La narration utilisée ici n’est pas particulièrement atypique. En imaginaire et chez les américains, elle est même très répandue de nos jours. Néanmoins, elle est étrangement moins fréquente en France, et elle est aussi beaucoup moins bien maîtrisée, raison pour laquelle j’ai décidé de proposer cet extrait d’un roman d’une autrice française proposant une très bonne troisième personne en focalisation interne.

Que le texte soit rédigé à la troisième personne, c’est assez évident : dès la première phrase, nous avons « Kat laissa le cargo s’éloigner » et la suite nous prouve qu’il s’agit bien de la protagoniste principale de ce chapitre (elle sera la protagoniste principale du livre entier). Ce qui est plus intéressant, c’est de comprendre ce qu’est la focalisation interne, comment celle-ci est gérée concrètement à l’écriture, et ce qu’une telle narration apporte par rapport à des narrations plus distantes comme un narrateur omniscient. Pour mémoire, cette rubrique proposait déjà un extrait rédigé à la troisième personne focalisée (Fils-des-Brumes, de Brandon Sanderson).

Donc, comment savoir si nous sommes ici en focalisation interne ou en omniscient ?

  • Premièrement, nous ne lâchons pas Kat d’une semelle (magnétique). Les phrases et descriptions se concentrent sur ses actions, ses ressentis et ses pensées.

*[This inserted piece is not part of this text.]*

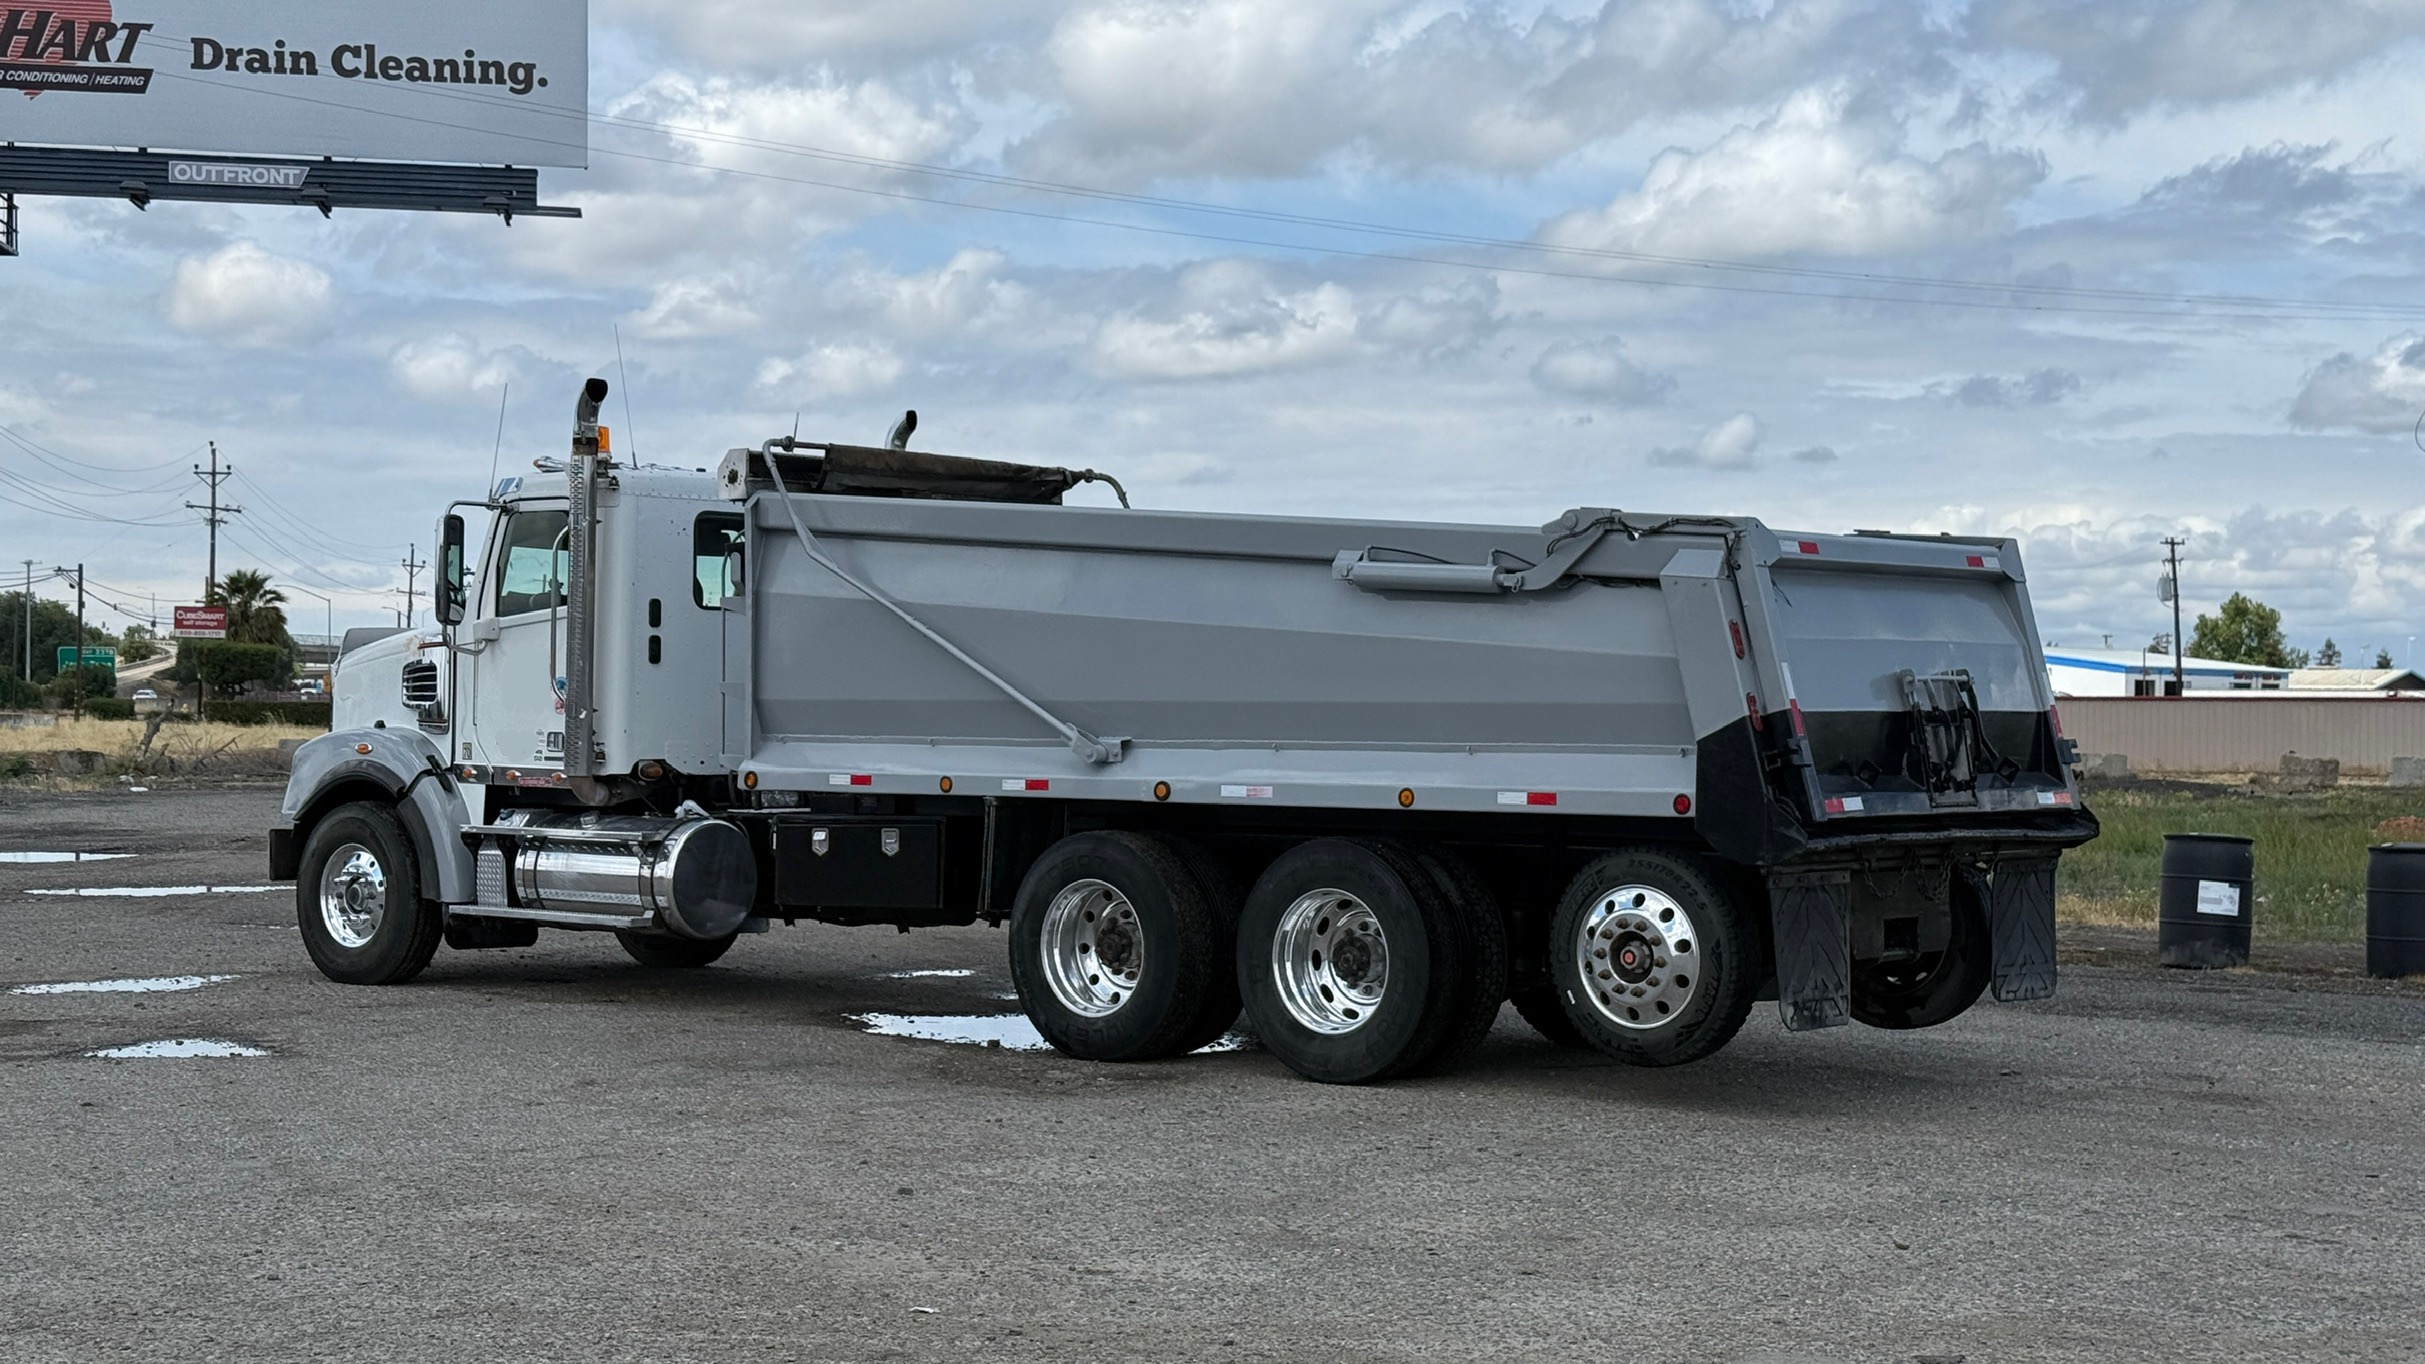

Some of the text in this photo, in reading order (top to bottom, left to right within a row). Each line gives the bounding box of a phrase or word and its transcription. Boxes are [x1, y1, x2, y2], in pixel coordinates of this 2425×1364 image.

[190, 38, 548, 95] Drain Cleaning.
[6, 70, 89, 84] CONDITIONING
[95, 75, 145, 86] HEATING
[174, 164, 300, 184] OUTFRONT

Lorsque le texte évoque d’autres personnages, c’est parce que Kat les voit ou les entend dans son communicateur.
  • Deuxièmement, l’autrice respecte ici les principes de l’article Comment désigner ses personnages dans son récit ? Elle n’utilise que deux façons de désigner sa protagoniste : son prénom (Kat) et le pronom « elle ». C’est tout. Il n’y a pas de qualificatif ou de jugement externe, pas de « la jeune femme fit ceci » ou « la technicienne fit cela ». Là où la plupart des descriptions en omniscient commencent par nous décrire le physique du personnage, il n’y a rien de tel dans cet extrait : nous sommes « à l’intérieur d’elle », dans la tête de Kat, et donc nous ne voyons pas à quoi elle ressemble pour le moment.
  • Troisièmement, tous les éléments sont décrits du point de vue de Kat, c’est-à-dire d’un point de vue biaisé par son caractère et ses pensées. Les seules réflexions internes auxquelles nous avons accès sont les siennes – pour les autres personnages, nous n’avons que leurs actions et leurs paroles, que Kat interprète de façon personnelle (« Trois mois après ton intégration dans l’équipe, tu es toujours « la nouvelle », ça en dit long sur tes capacités sociales »).

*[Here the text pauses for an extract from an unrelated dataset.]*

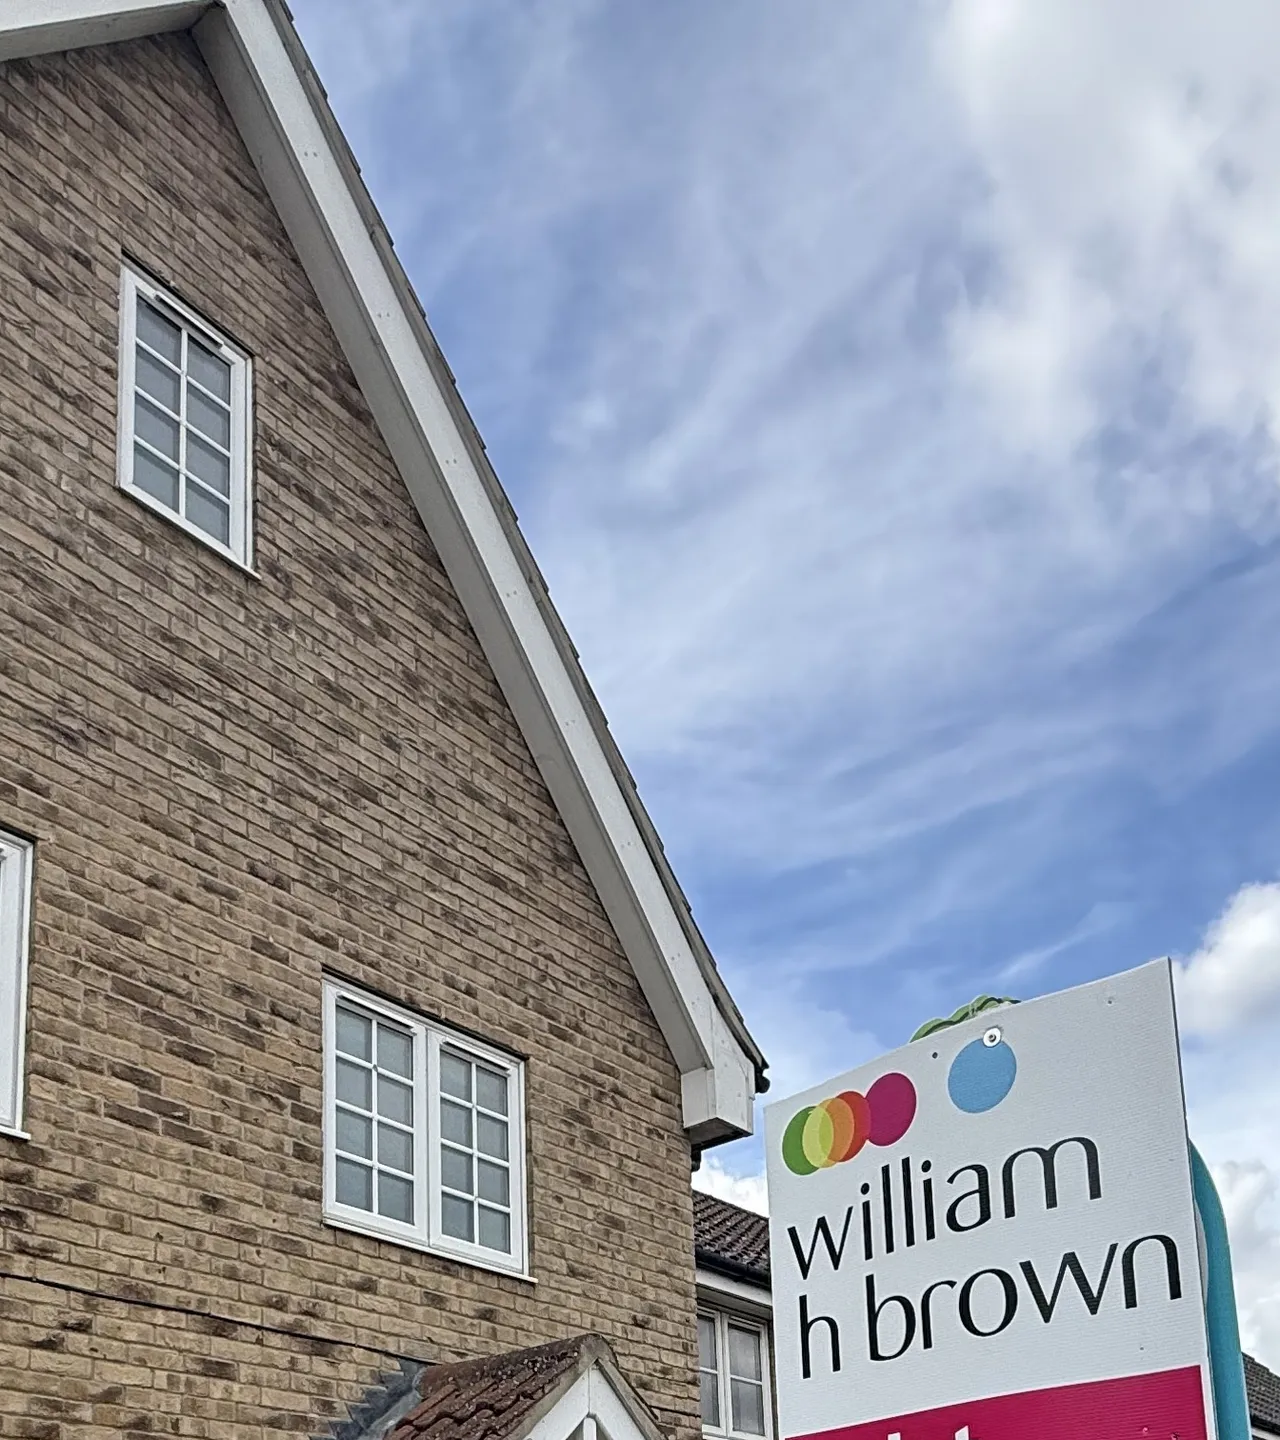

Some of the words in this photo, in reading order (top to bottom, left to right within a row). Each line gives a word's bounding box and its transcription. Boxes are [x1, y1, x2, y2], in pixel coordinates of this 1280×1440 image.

Ce qui est intéressant dans cette introduction du livre, c’est la partie concernant Jupiter. Le texte parle d’éléments assez techniques, et la focalisation permet de rendre claire l’idée selon laquelle ce n’est pas de l’exposition omnisciente, mais bien des sujets que Kat connaît et maîtrise :

« Sans qu’elle s’en rende compte, elle commença à compter le temps qui espaçait les arcs lumineux. Les bourrasques magnétiques étaient faibles aujourd’hui, mais Kat savait que cela pouvait changer en une fraction de seconde, surtout avec Io dont l’orbite se rapprochait. »

Nous sommes donc bien en narration focalisée : nous sommes cantonnés à ce que fait Kat, à ce qu’elle ressent, ce qu’elle pense, ce qu’elle sait.

Présentation ou Représentation ?

Le texte nous présente un personnage de fiction, Kat. Nous (lecteurs) observons ce qui se passe depuis l’intérieur de sa tête, sans qu’elle ait conscience d’être un personnage d’une histoire. Pour elle, seul existe son univers. Le lecteur n’existe pas. Elle vit sa vie et nous en sommes les témoins « en direct-live » : personne ne nous raconte d’histoire. On ne peut pas être plus dans la Représentation qu’avec un récit à la troisième personne focalisée. C’est sa nature même.

Temps de la narration

Ce texte est un récit à la troisième personne focalisée rédigé au passé.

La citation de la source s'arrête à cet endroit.